A Year in the Land: “My Cow! My Cow!”

After high school, many Orthodox Jewish teens spend time studying Judaism in Israel. This period is referred to as “shana ba’aaretz” in hebrew. (“A year in the land.”) I spent August 2001 — July 2003 studying there. These are my reflections.

“My cow, my cow! I’m afraid it will die!”

The man burst into the synagogue, overalls caked in mud, face leathered by the sun, the stench of the barn trailing him. The prayers were commencing, chants of Song of Solomon were being recited, but he was communicating on his own level. “My cow, my cow! I’m afraid it will die!” he shouted towards the bearded man standing at the head of the congregation.
The rabbi listened patiently and answered him–telling him where to go for help and with whom to speak.
One particular congregant was furious at the interruption. “Who dares disturb the rabbi in a moment of prayer… And about a cow, no less?”

“The cow” was a story oft told by Yeshivat Har Etzion founder Rabbi Yehuda Amital. And it was always followed up with the same lesson: The farmer wasn’t there to just ask about his cow.

The farmer was there for connection. He wanted to talk to this man, to speak with this leader, and have a relationship. In searching for words, the farmer found the ones most common in his vocabulary. He knew he wanted to say something to the rabbi, so he looked around and cried “my cow! my cow!”

If it helps, picture him as Brick Tamland. Replace lamps with cows, 70s suits with non-70s suits, and instead of Ron Burgundy, it’s Rav Burgundy:

None of these people are farmers or rabbis. But I think it makes my point.

The lessons were clear.

On an interpersonal level: Listen- Don’t just hear the words, listen to the person. What’s behind the sentence being said or the question being asked?

On a metaphysical level: Connection- In Amital’s world view even Jews distant to the tradition wanted connection with the rabbi, and all he represented.
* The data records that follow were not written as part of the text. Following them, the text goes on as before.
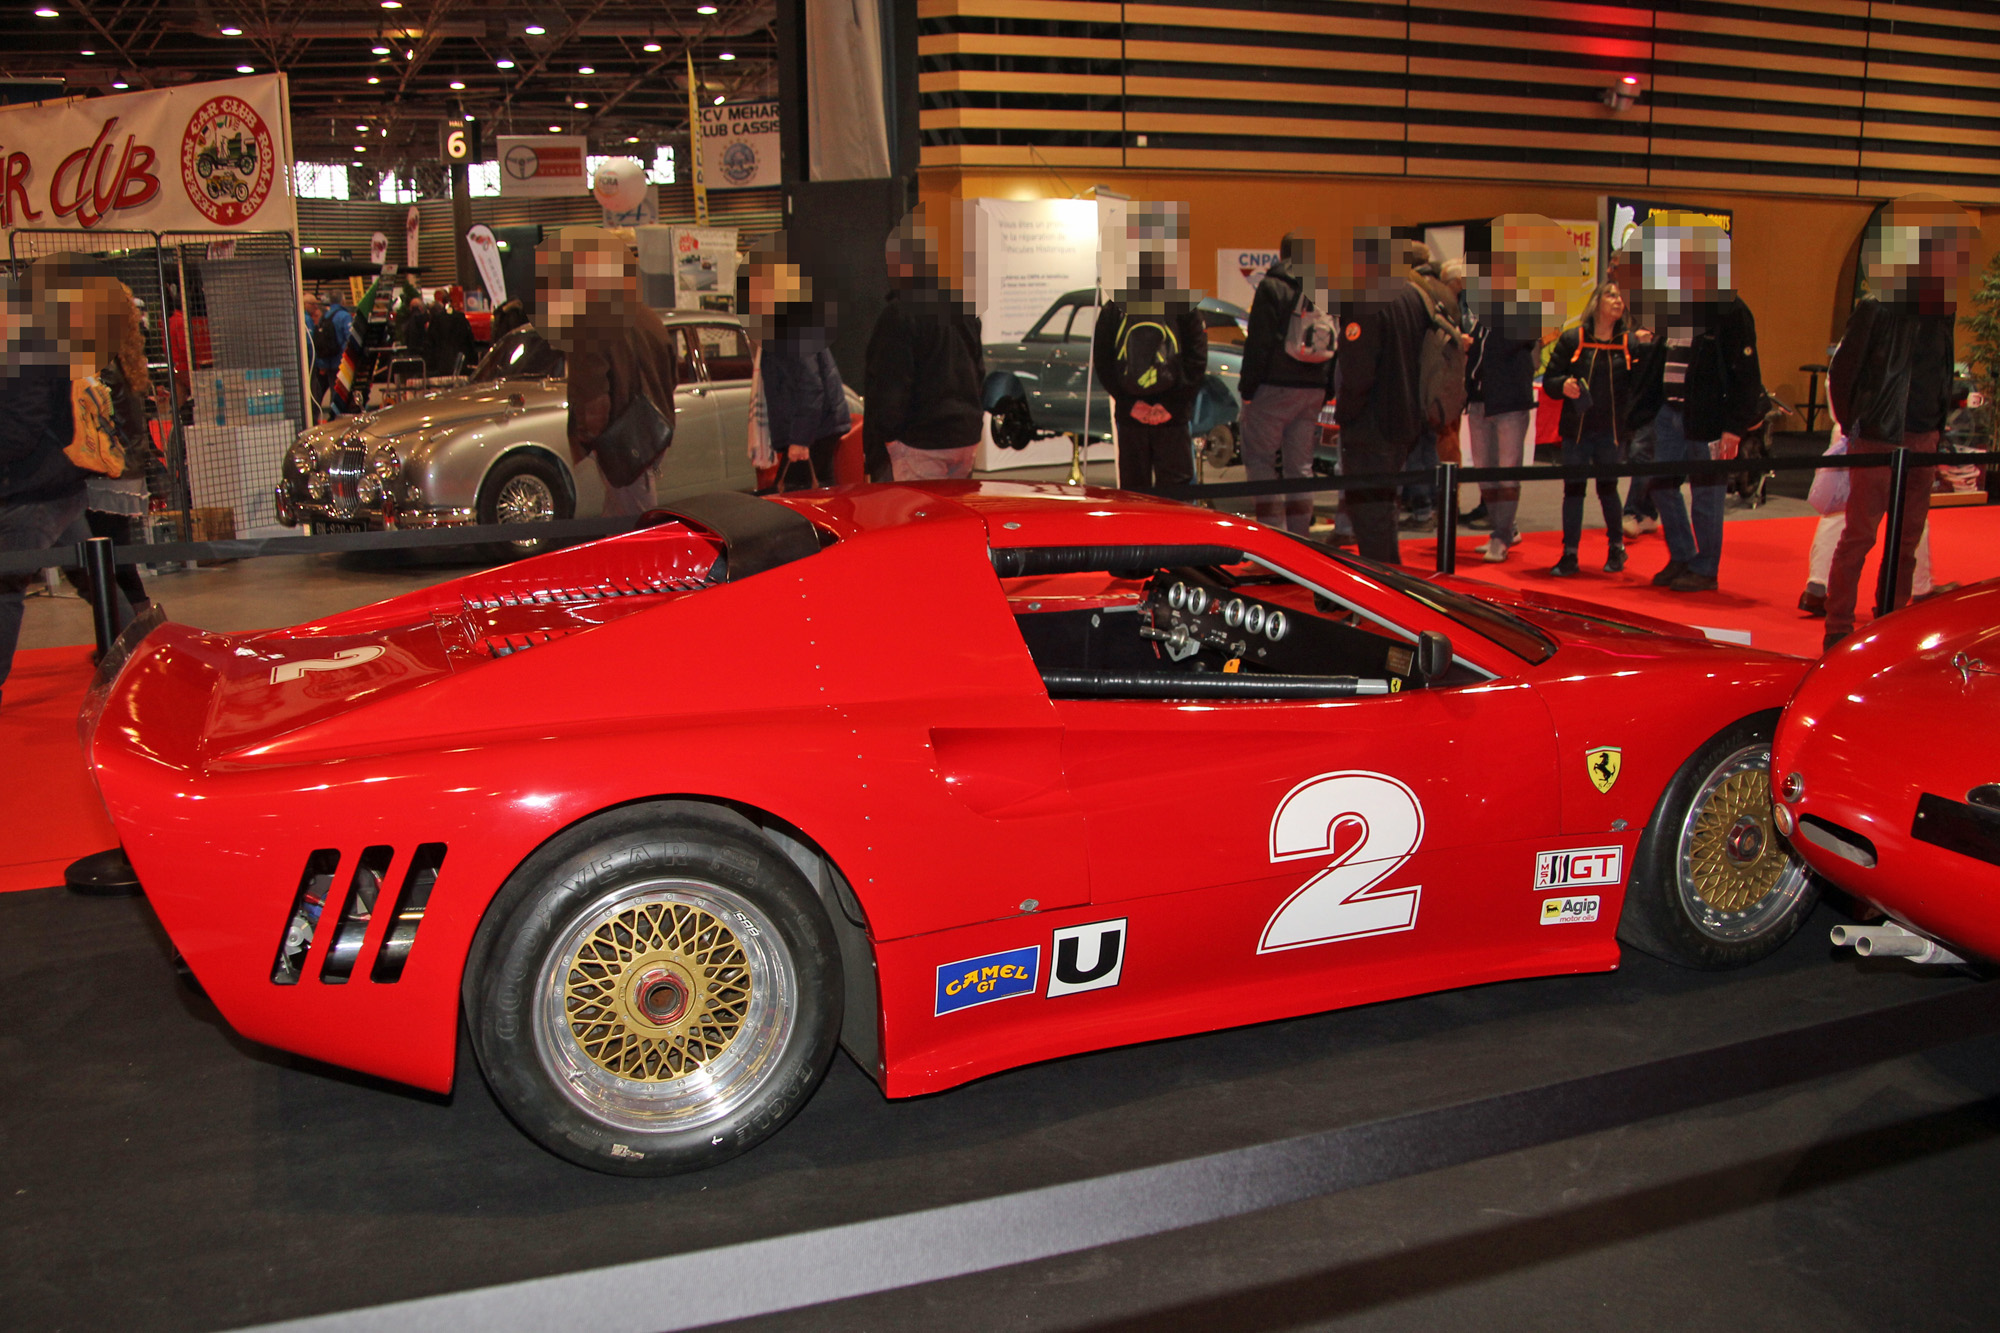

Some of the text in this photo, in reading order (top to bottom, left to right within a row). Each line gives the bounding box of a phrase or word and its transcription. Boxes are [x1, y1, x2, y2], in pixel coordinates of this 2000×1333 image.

[191, 102, 219, 135] CAR
[699, 123, 728, 138] LUB
[447, 130, 467, 159] 6
[0, 151, 43, 227] R
[1238, 253, 1280, 266] CNPA
[269, 645, 386, 686] 2
[1256, 769, 1425, 956] 2
[1540, 856, 1550, 886] IMSA
[1570, 853, 1616, 879] GT
[1560, 915, 1581, 923] motor
[1561, 898, 1598, 916] Agip
[1055, 929, 1122, 985] U
[945, 963, 1029, 996] CAMEL
[976, 978, 997, 995] GT
Rabbi Yehuda Amital, head of Yeshivat Har Etzion. He thought through life’s most complicated things and came out with simple ideas on the other side. And he always went to the other side. He never pretended they were just simple.

But the lessons were also unclear. I would listen to this story, and think about how it related to others out there who wanted connection. But I didn’t hear the story. Because if I had, I would have realized that, indeed, I was the farmer.

That’s because my years studying in Israel not-at-all-by-happenstance coincided with the exact time in my life when I realized I didn’t actually want to be studying in Israel. And now I know that not wanting to be studying in Israel was representative of not wanting to live a life that I was on the path to leading. But then I knew… almost nothing at all. I had only the beginnings of thoughts and feelings–little feelies and thunks that would grow up into devastating realizations and utterances, but were now so early on in development that they were all but imperceptible through my untrained microscope.

So I’d look around the study hall and ask my rabbis questions about whatever I saw. “Should I be studying more philosophy?” “I am torn about whether or not I should wear a sport jacket for prayer.” “Where should I work over the summer? “I love lamp.” “My cow! My cow!” “Wah wah.”

Not one of those questions mattered. None of them were the ones I wanted to ask. But I didn’t know that. I knew what I could see in front of me. So I asked my rabbis about that. I never said “I don’t want to observe orthodox Judaism.”

I got close one time. After my other complete nonsense questions were treated seriously (enroll in a philosophy class; wear it; be a counselor for mentally disabled adults. I did. I didn’t. I didn’t.) I said to my rabbi:

I see myself now. And I see myself ten years from now. But I just don’t see myself getting from here to there.

He listened and replied:

I really don’t know what you mean.

He listened. But he didn’t hear.

I may not have known I actually was the farmer, but the rabbi had no idea he actually was the rabbi.

It’s the closest I got to asking the question I needed to ask. It’s the nearest I got to voicing the subterranean echo that reverberated through my body. I was on the brink of actually understanding what I was thinking and feeling. But I never got there.

In every telling of the cow story, the congregation was always reading Song of Solomon, a biblical love story that doesn’t mention cows at all, and only references animals metaphorically:

“My beloved is like a gazelle or a young stag. Look! There he stands behind our wall, gazing through the windows, peering through the lattice.”
(Song of Solomon 2:9)

Isn’t that exactly right?

The thing you want, the object of your desire… so often you don’t even know what it is. Is it a gazelle or a stag? Do I care about philosophy or is it something deeper?

And there, that thing I can’t find words for or vocalize... I can see it but I can’t touch it. There is latticework that blocks my vision. There is a partition that divides me from the unidentified figure that might be my future. There’s a wall and I’m the Brick. I’m the farmer. And I’m yelling “my cow!” when I’m actually after a whole different animal.